(WHAT TO PRODUCE):
Set down each of the records below exactly as it reads. No pictures go into the copy.

(STUDY MATERIAL begins)

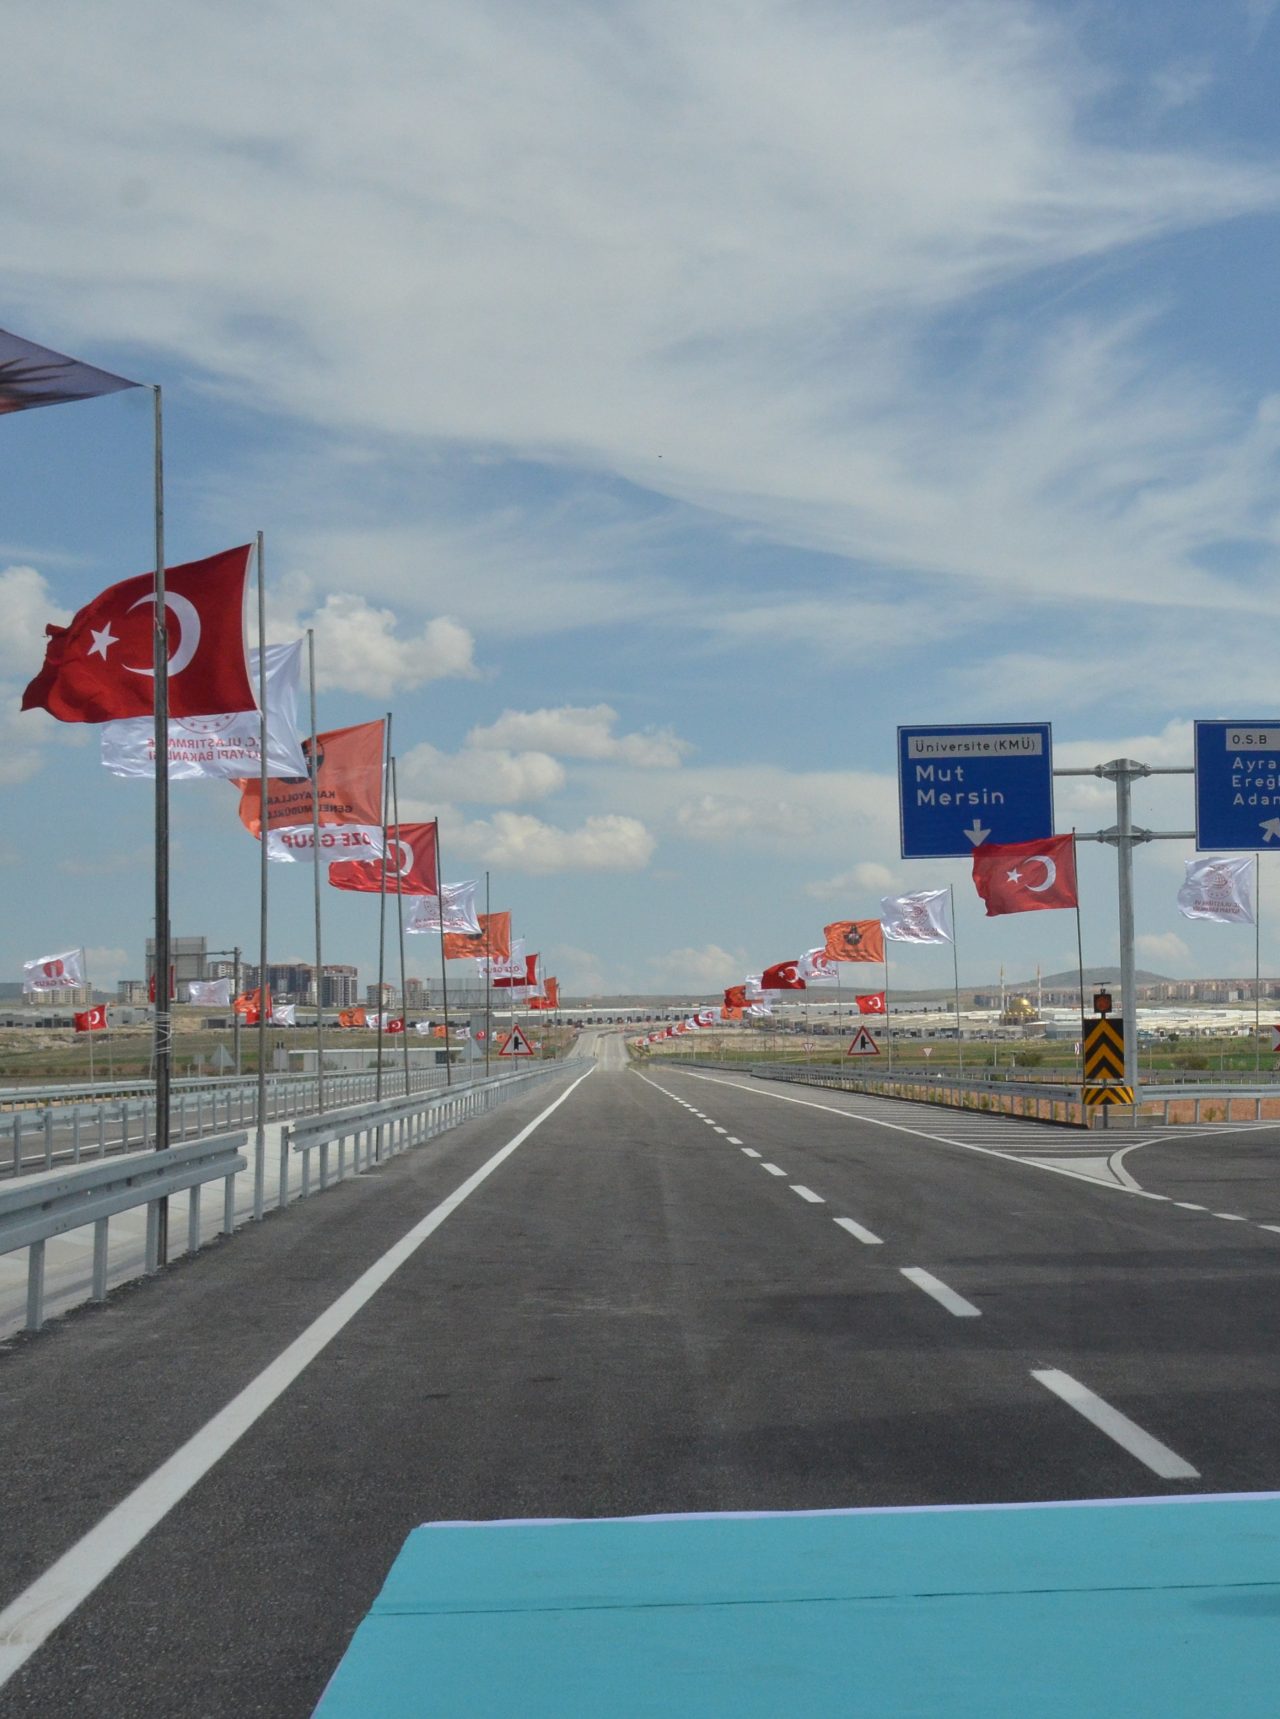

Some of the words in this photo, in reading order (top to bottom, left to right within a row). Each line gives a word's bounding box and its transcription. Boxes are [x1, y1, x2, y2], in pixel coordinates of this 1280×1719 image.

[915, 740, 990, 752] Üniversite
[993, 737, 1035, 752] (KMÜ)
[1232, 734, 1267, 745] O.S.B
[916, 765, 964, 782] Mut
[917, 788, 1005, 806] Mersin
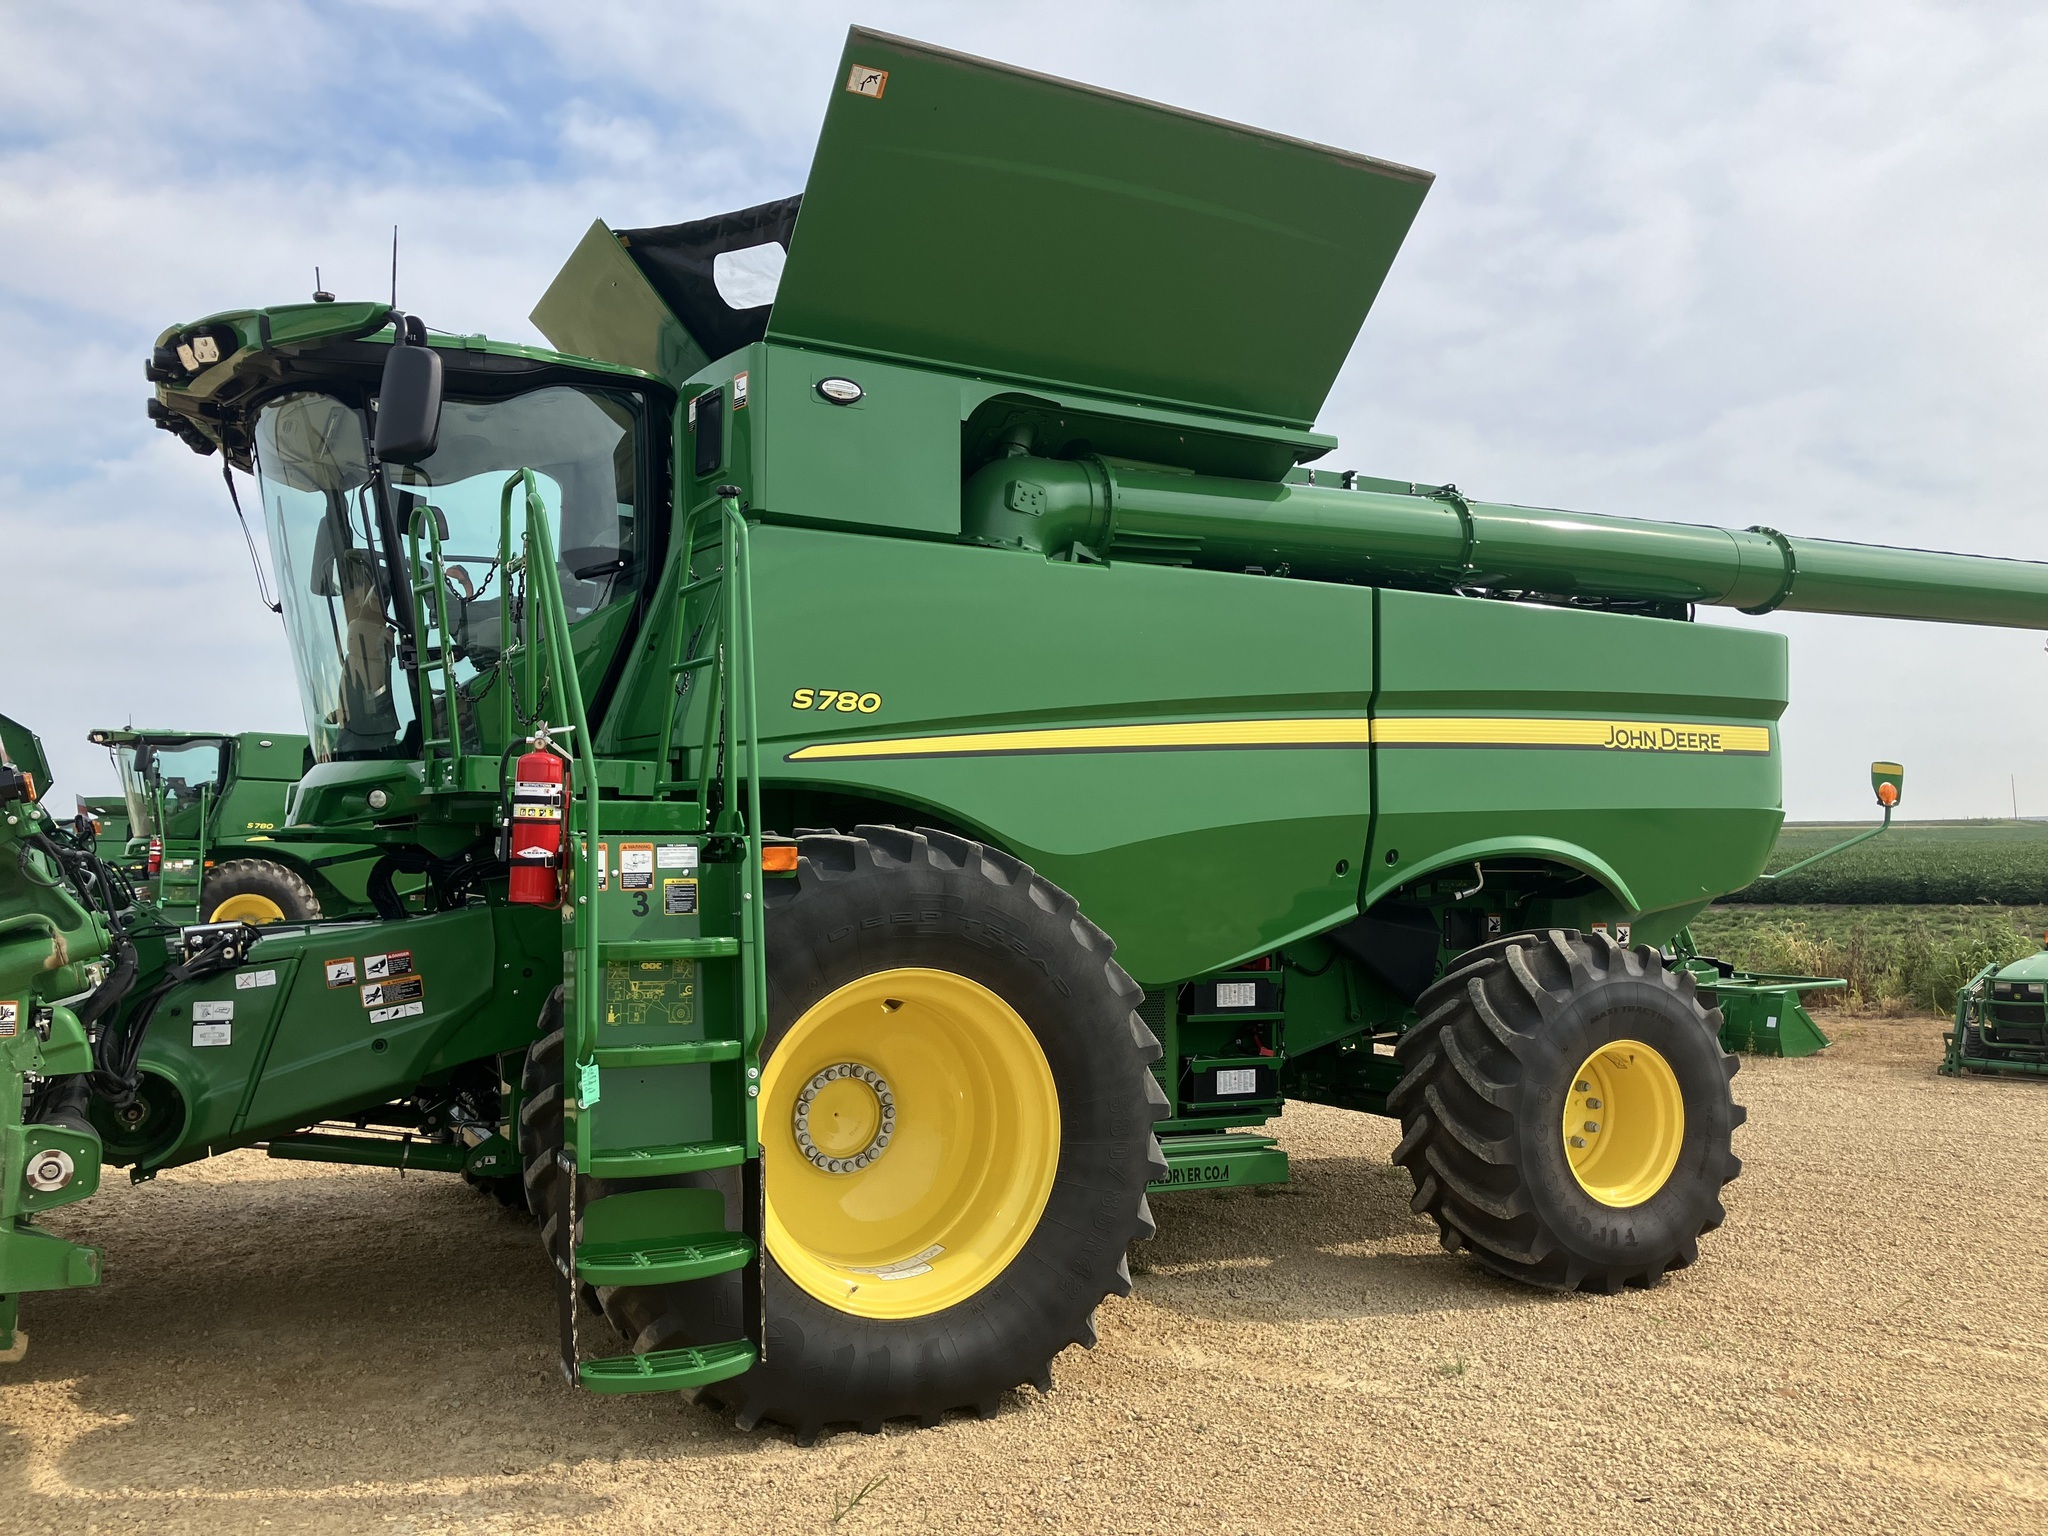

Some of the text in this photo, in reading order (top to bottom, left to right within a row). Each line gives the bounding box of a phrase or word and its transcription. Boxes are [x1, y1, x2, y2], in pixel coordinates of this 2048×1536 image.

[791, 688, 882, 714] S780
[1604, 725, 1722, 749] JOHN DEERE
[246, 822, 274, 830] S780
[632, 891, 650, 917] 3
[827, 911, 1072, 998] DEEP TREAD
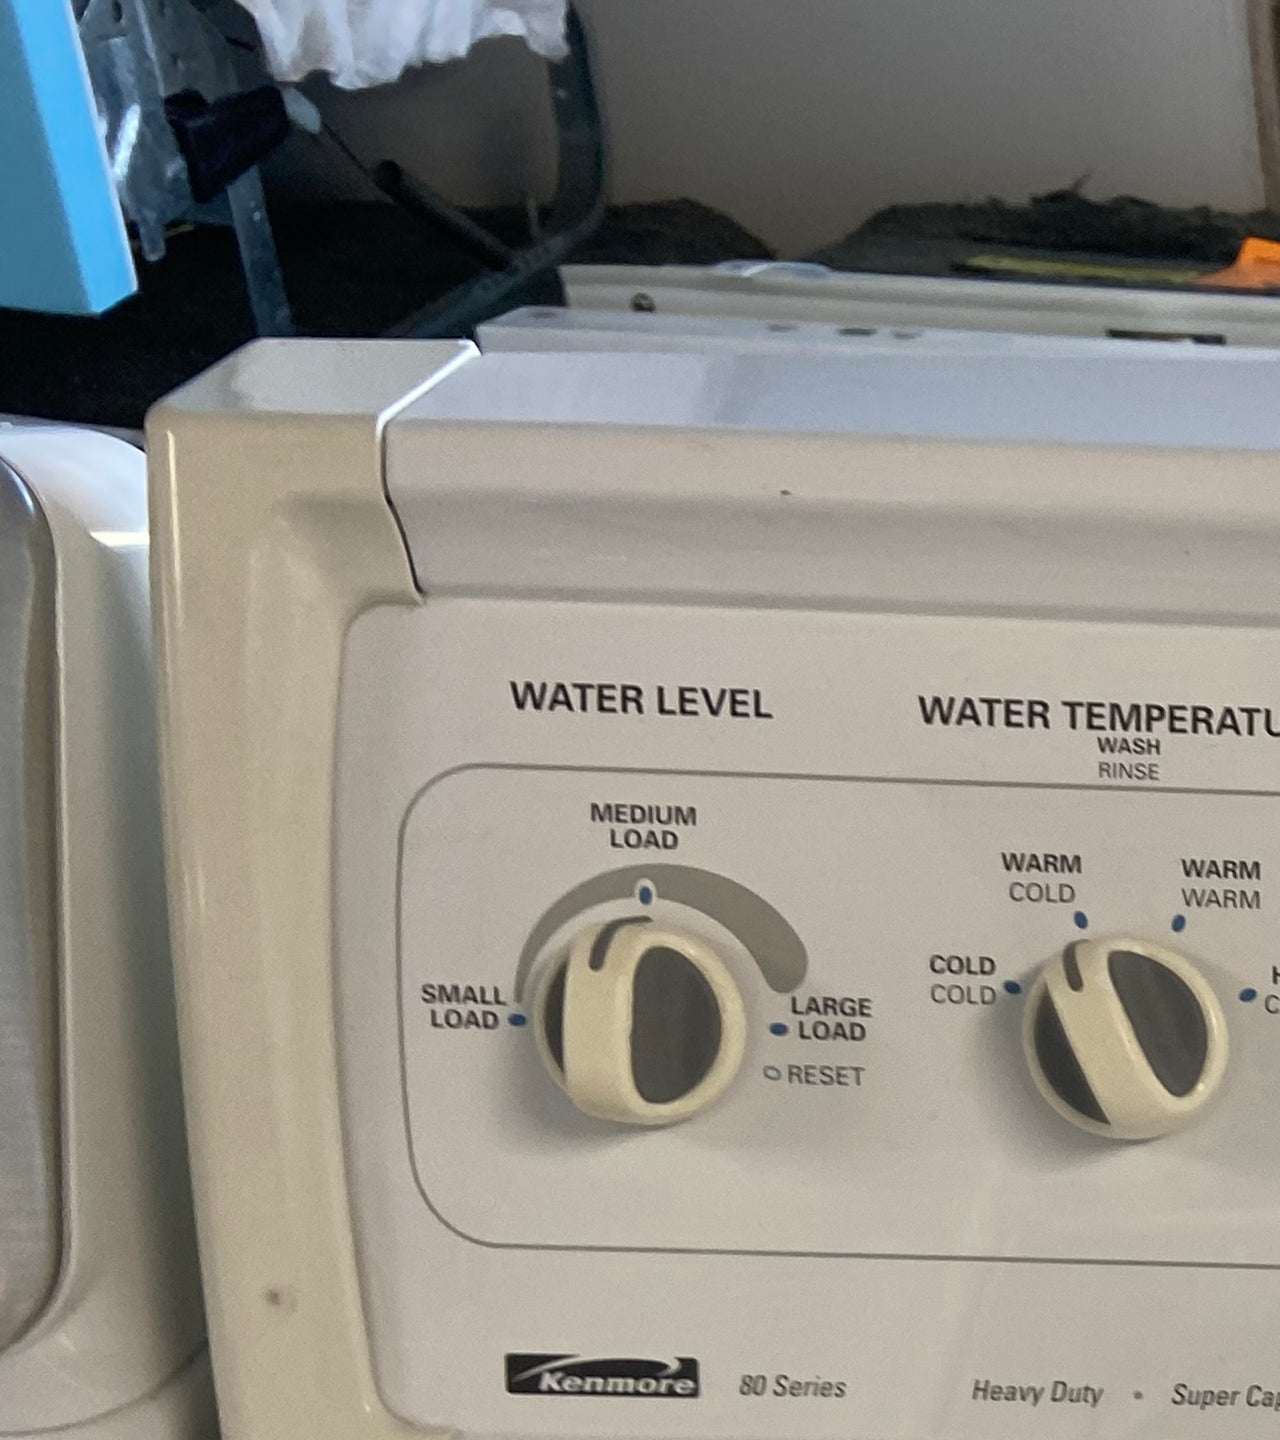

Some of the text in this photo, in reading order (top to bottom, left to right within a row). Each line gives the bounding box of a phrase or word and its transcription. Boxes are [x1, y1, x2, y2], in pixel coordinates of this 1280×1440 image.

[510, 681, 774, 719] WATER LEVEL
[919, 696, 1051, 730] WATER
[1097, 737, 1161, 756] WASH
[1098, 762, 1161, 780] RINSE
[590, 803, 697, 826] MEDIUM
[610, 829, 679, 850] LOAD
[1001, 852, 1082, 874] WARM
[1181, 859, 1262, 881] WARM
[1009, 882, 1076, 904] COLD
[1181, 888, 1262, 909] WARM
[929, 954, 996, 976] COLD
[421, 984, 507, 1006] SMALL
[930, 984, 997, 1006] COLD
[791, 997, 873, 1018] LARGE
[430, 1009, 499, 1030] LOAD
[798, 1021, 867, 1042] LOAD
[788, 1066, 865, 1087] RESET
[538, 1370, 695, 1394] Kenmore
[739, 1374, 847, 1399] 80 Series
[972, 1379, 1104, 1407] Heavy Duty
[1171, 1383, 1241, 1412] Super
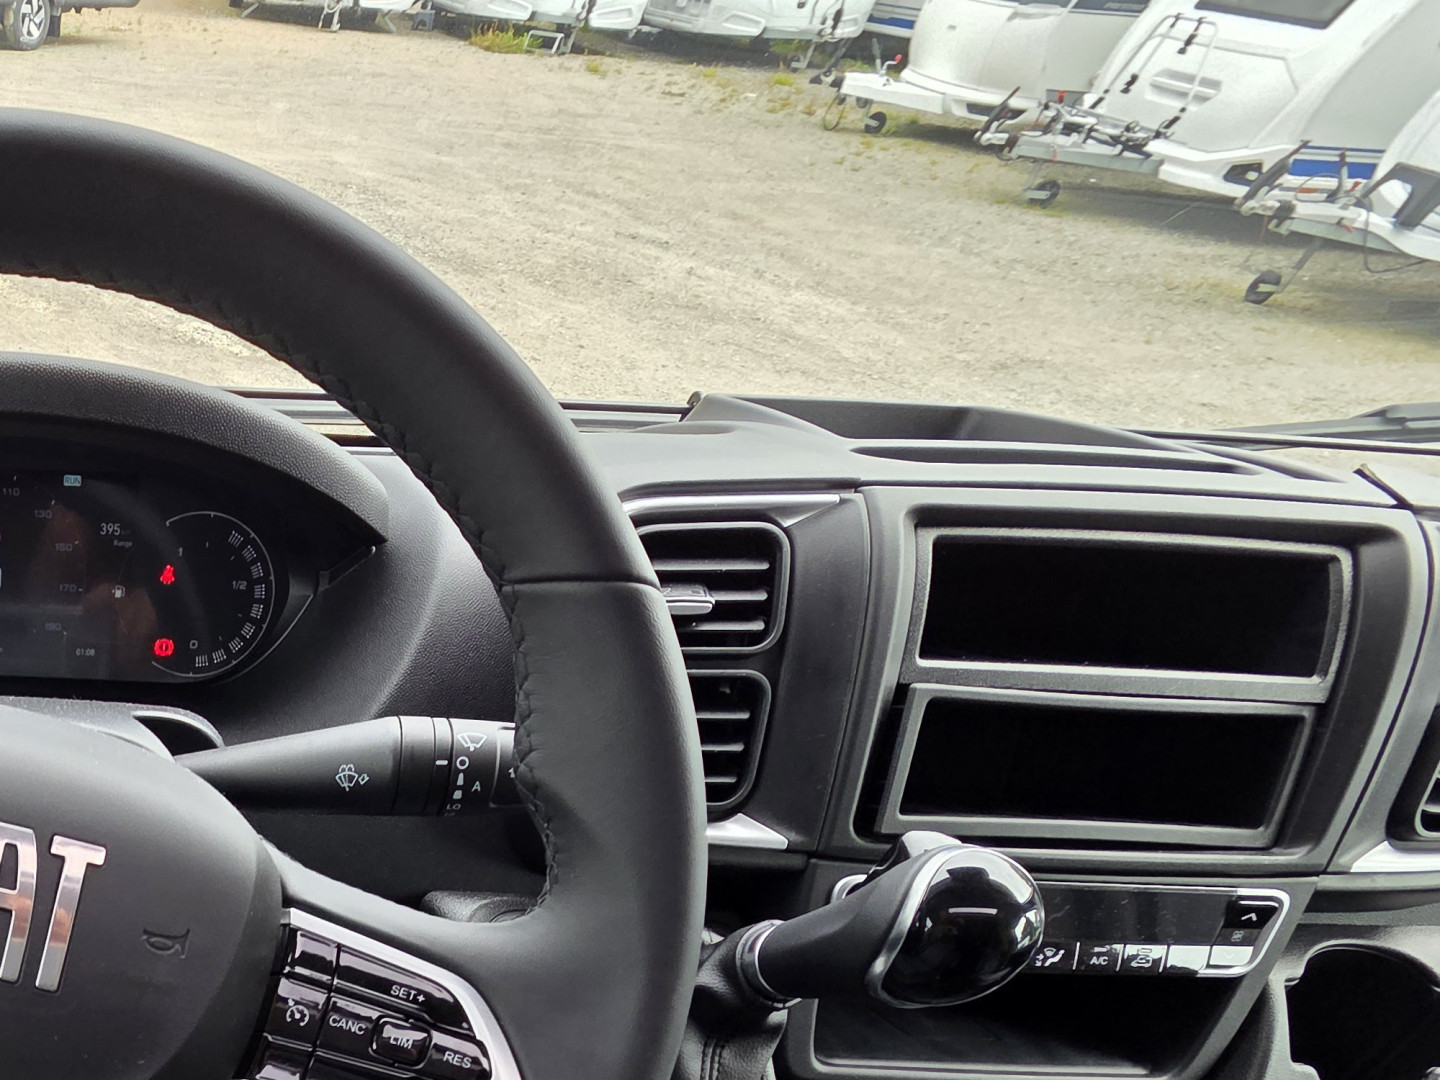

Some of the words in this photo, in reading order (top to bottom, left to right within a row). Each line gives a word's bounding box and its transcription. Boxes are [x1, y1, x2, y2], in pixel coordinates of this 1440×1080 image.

(STUDY MATERIAL ends)

(RESPONSE TO THIS EXERCISE):
Some of the words in this photo, in reading order (top to bottom, left to right within a row). Each line gives a word's bounding box and its transcription. Boxes are [x1, y1, x2, y2], in pixel coordinates of this 1280×1719 image.

[915, 740, 990, 752] Üniversite
[993, 737, 1035, 752] (KMÜ)
[1232, 734, 1267, 745] O.S.B
[916, 765, 964, 782] Mut
[917, 788, 1005, 806] Mersin

Some of the text in this photo, in reading order (top to bottom, left to right within a row). Each line gives the bounding box of a phrase or word and its transcription. Boxes are [x1, y1, x2, y2], in pixel coordinates of this 2048×1536 image.

[791, 688, 882, 714] S780
[1604, 725, 1722, 749] JOHN DEERE
[246, 822, 274, 830] S780
[632, 891, 650, 917] 3
[827, 911, 1072, 998] DEEP TREAD

Some of the text in this photo, in reading order (top to bottom, left to right within a row). Each line gives the bounding box of a phrase or word and its transcription. Boxes are [x1, y1, x2, y2], in pixel coordinates of this 1280×1440 image.

[510, 681, 774, 719] WATER LEVEL
[919, 696, 1051, 730] WATER
[1097, 737, 1161, 756] WASH
[1098, 762, 1161, 780] RINSE
[590, 803, 697, 826] MEDIUM
[610, 829, 679, 850] LOAD
[1001, 852, 1082, 874] WARM
[1181, 859, 1262, 881] WARM
[1009, 882, 1076, 904] COLD
[1181, 888, 1262, 909] WARM
[929, 954, 996, 976] COLD
[421, 984, 507, 1006] SMALL
[930, 984, 997, 1006] COLD
[791, 997, 873, 1018] LARGE
[430, 1009, 499, 1030] LOAD
[798, 1021, 867, 1042] LOAD
[788, 1066, 865, 1087] RESET
[538, 1370, 695, 1394] Kenmore
[739, 1374, 847, 1399] 80 Series
[972, 1379, 1104, 1407] Heavy Duty
[1171, 1383, 1241, 1412] Super

Some of the words in this photo, in reading order (top to bottom, left to right within a row). Each line gives a word's bounding box and its transcription. Boxes are [x1, y1, x2, y2], in pixel coordinates of this 1440×1080 image.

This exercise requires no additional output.